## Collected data
>>>

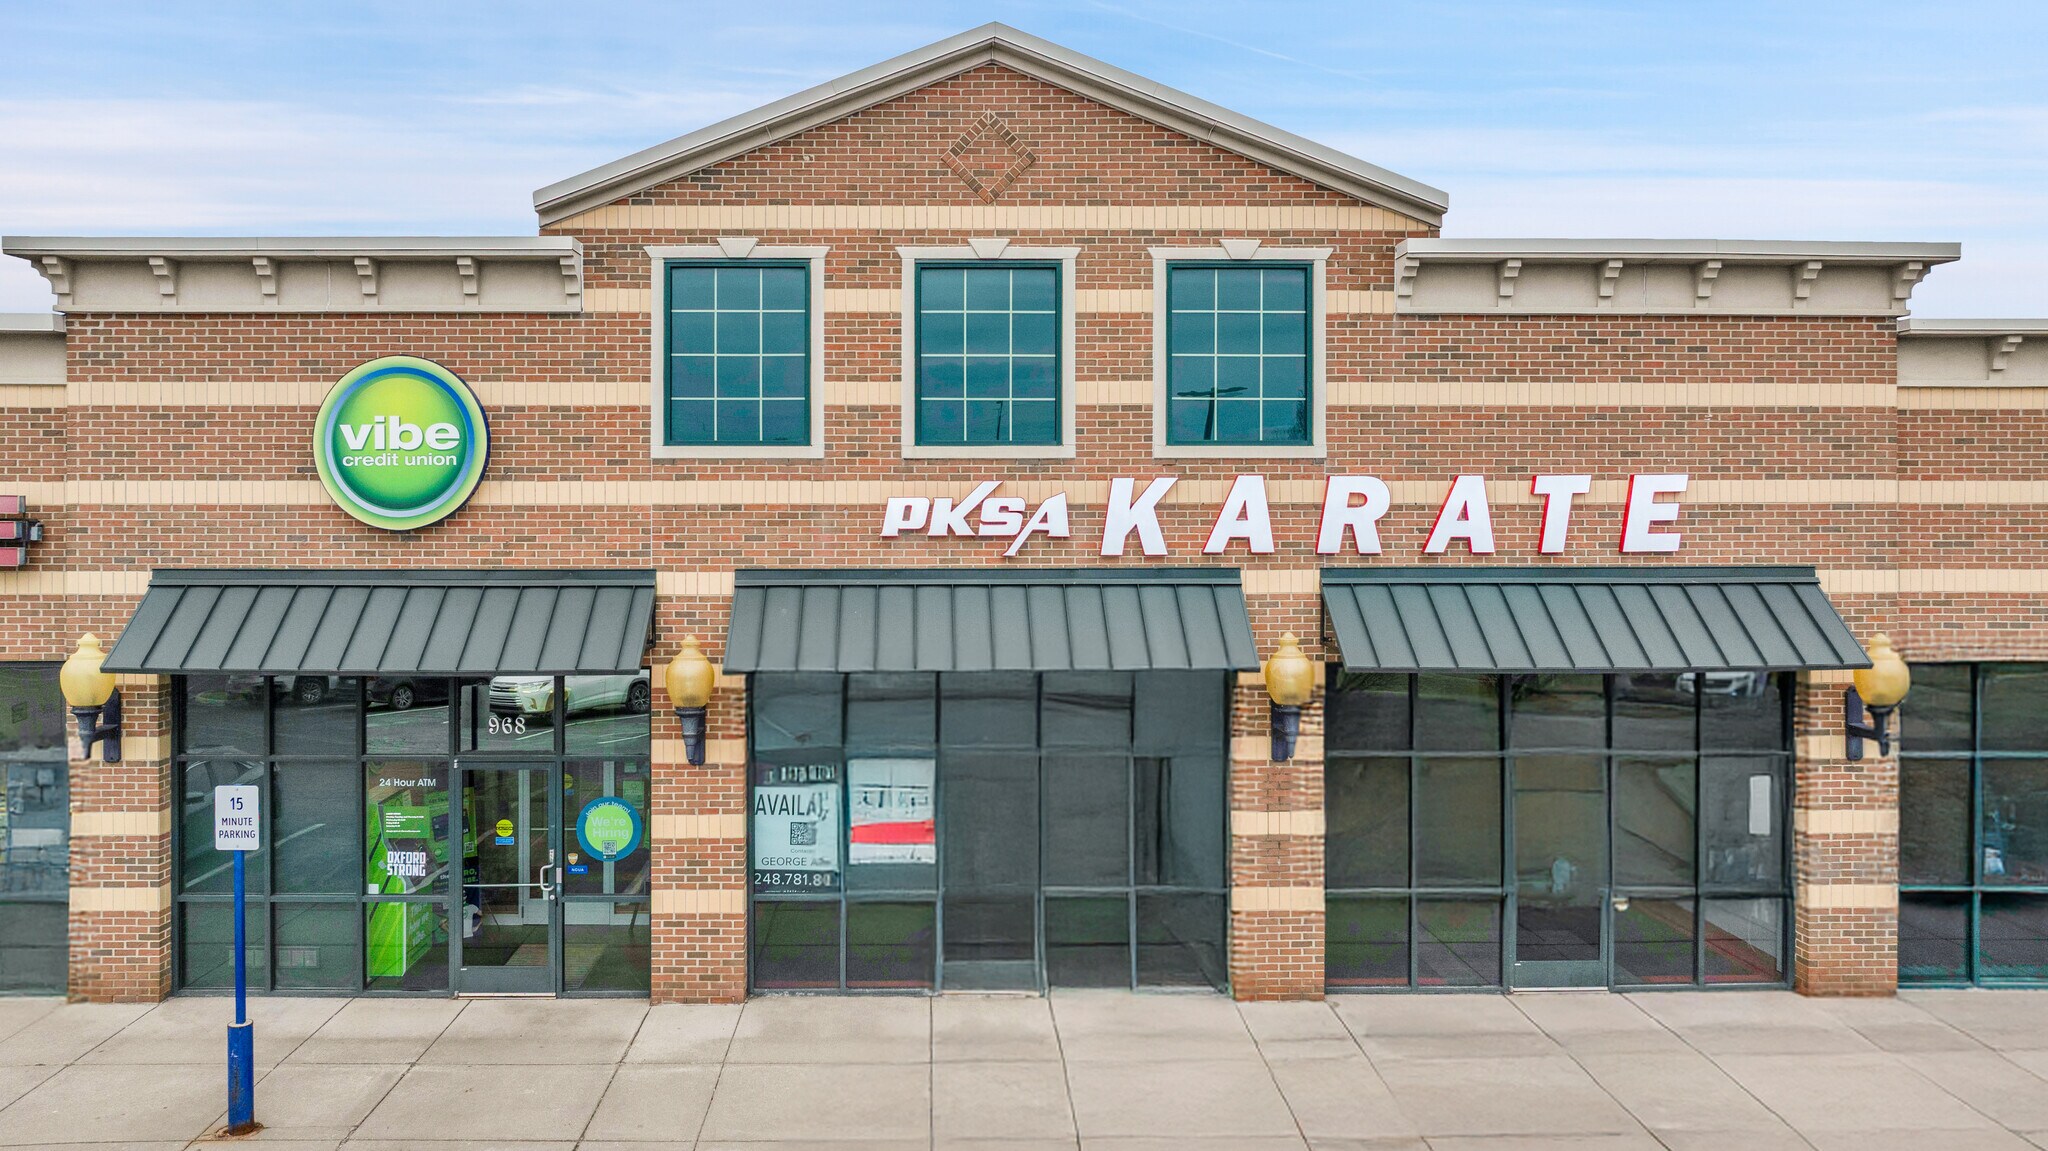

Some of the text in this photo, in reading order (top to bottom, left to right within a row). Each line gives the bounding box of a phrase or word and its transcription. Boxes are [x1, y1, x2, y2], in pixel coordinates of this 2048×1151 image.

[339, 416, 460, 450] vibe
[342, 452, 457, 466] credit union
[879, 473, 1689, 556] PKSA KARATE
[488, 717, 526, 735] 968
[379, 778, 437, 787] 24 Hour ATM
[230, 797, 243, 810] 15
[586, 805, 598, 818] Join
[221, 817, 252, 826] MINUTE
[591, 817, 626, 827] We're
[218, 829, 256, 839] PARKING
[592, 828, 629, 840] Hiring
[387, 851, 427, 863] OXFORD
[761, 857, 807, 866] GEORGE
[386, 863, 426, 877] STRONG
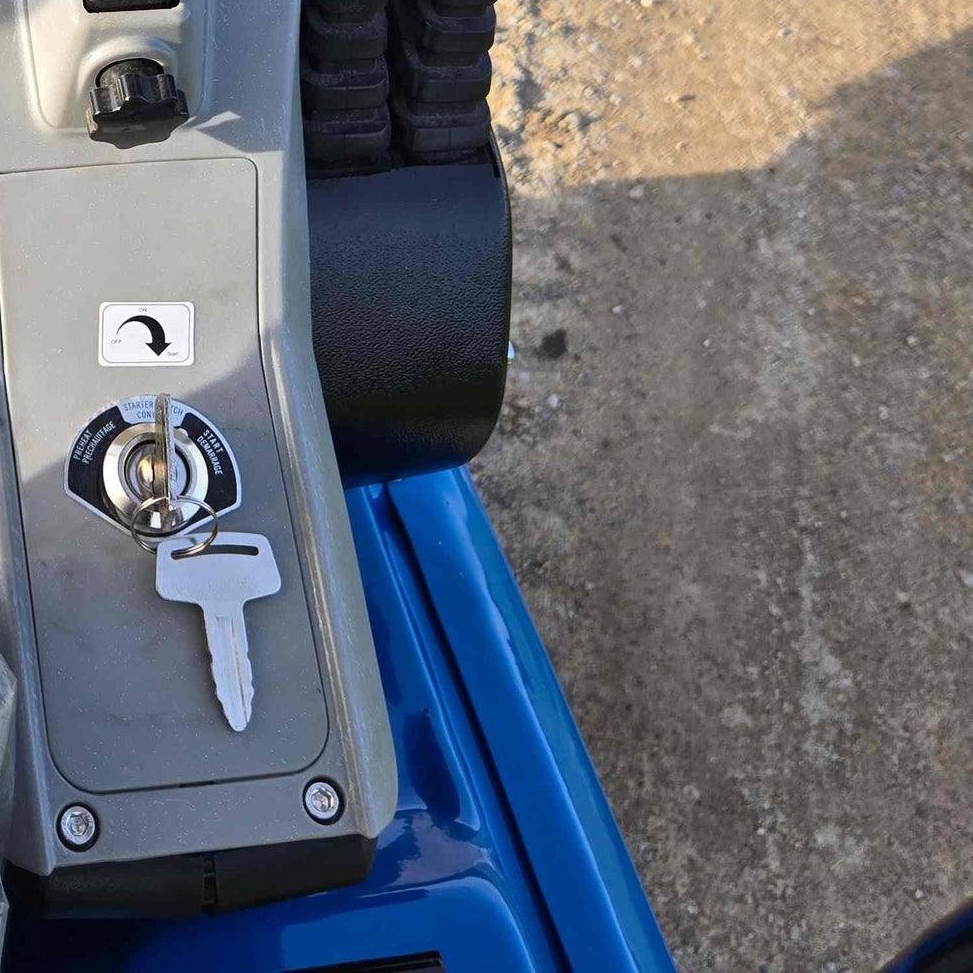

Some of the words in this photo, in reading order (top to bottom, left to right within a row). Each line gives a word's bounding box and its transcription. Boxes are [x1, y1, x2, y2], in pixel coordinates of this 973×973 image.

<<<
>>>

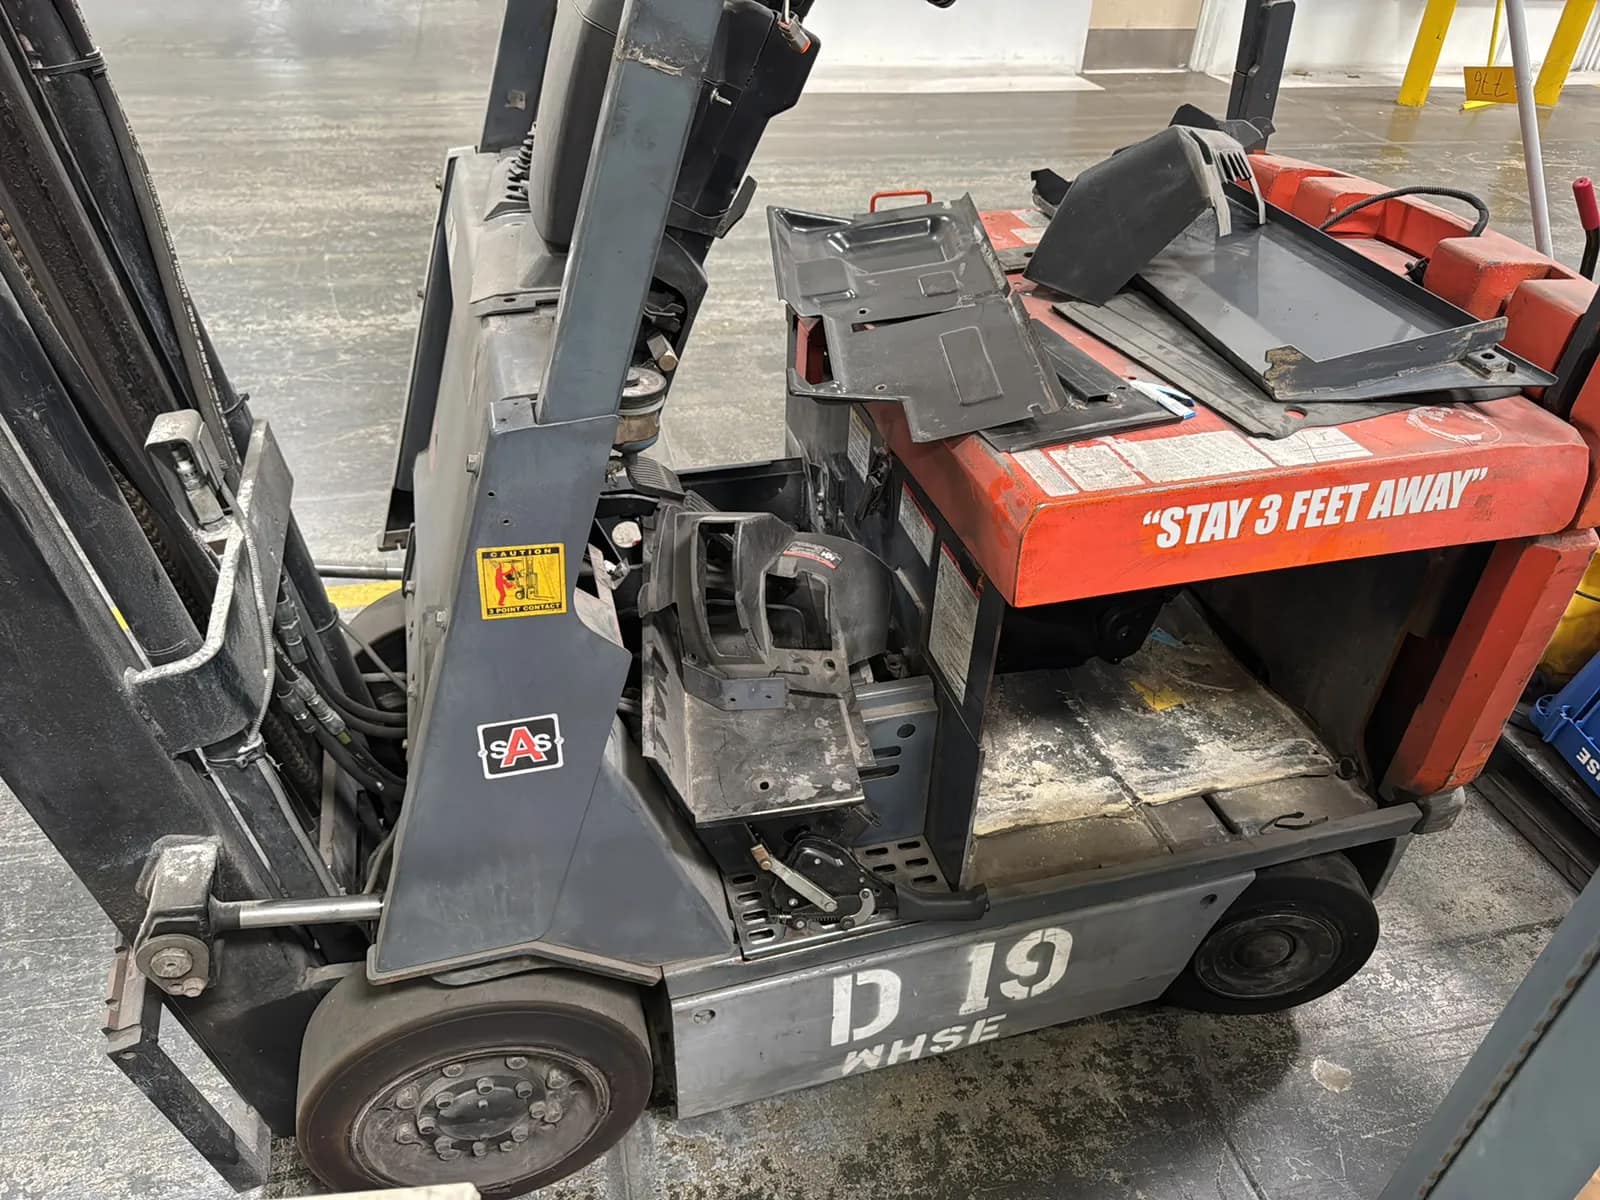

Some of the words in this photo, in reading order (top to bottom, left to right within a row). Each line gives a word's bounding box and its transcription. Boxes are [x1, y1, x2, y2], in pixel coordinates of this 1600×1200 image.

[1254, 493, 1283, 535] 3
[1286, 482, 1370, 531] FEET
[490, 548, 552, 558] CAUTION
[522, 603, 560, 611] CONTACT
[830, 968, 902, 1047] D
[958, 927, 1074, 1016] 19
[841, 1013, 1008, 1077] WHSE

<<<

## INSTRUCTIONS TO FOLLOW
Return exactly the stretch above whose first line contains "Some of the text" and whose last line contains "this 973×973 image.", and nothing outside it. The pictures should not appear.

## ANSWER BOX
Some of the text in this photo, in reading order (top to bottom, left to right within a row). Each line gives the bounding box of a phrase or word and its transcription. Boxes are [x1, y1, x2, y2], in pixel coordinates of this 2048×1151 image.

[339, 416, 460, 450] vibe
[342, 452, 457, 466] credit union
[879, 473, 1689, 556] PKSA KARATE
[488, 717, 526, 735] 968
[379, 778, 437, 787] 24 Hour ATM
[230, 797, 243, 810] 15
[586, 805, 598, 818] Join
[221, 817, 252, 826] MINUTE
[591, 817, 626, 827] We're
[218, 829, 256, 839] PARKING
[592, 828, 629, 840] Hiring
[387, 851, 427, 863] OXFORD
[761, 857, 807, 866] GEORGE
[386, 863, 426, 877] STRONG

Some of the words in this photo, in reading order (top to bottom, left to right within a row). Each line gives a word's bounding box and its transcription. Boxes are [x1, y1, x2, y2], in pixel coordinates of this 973×973 image.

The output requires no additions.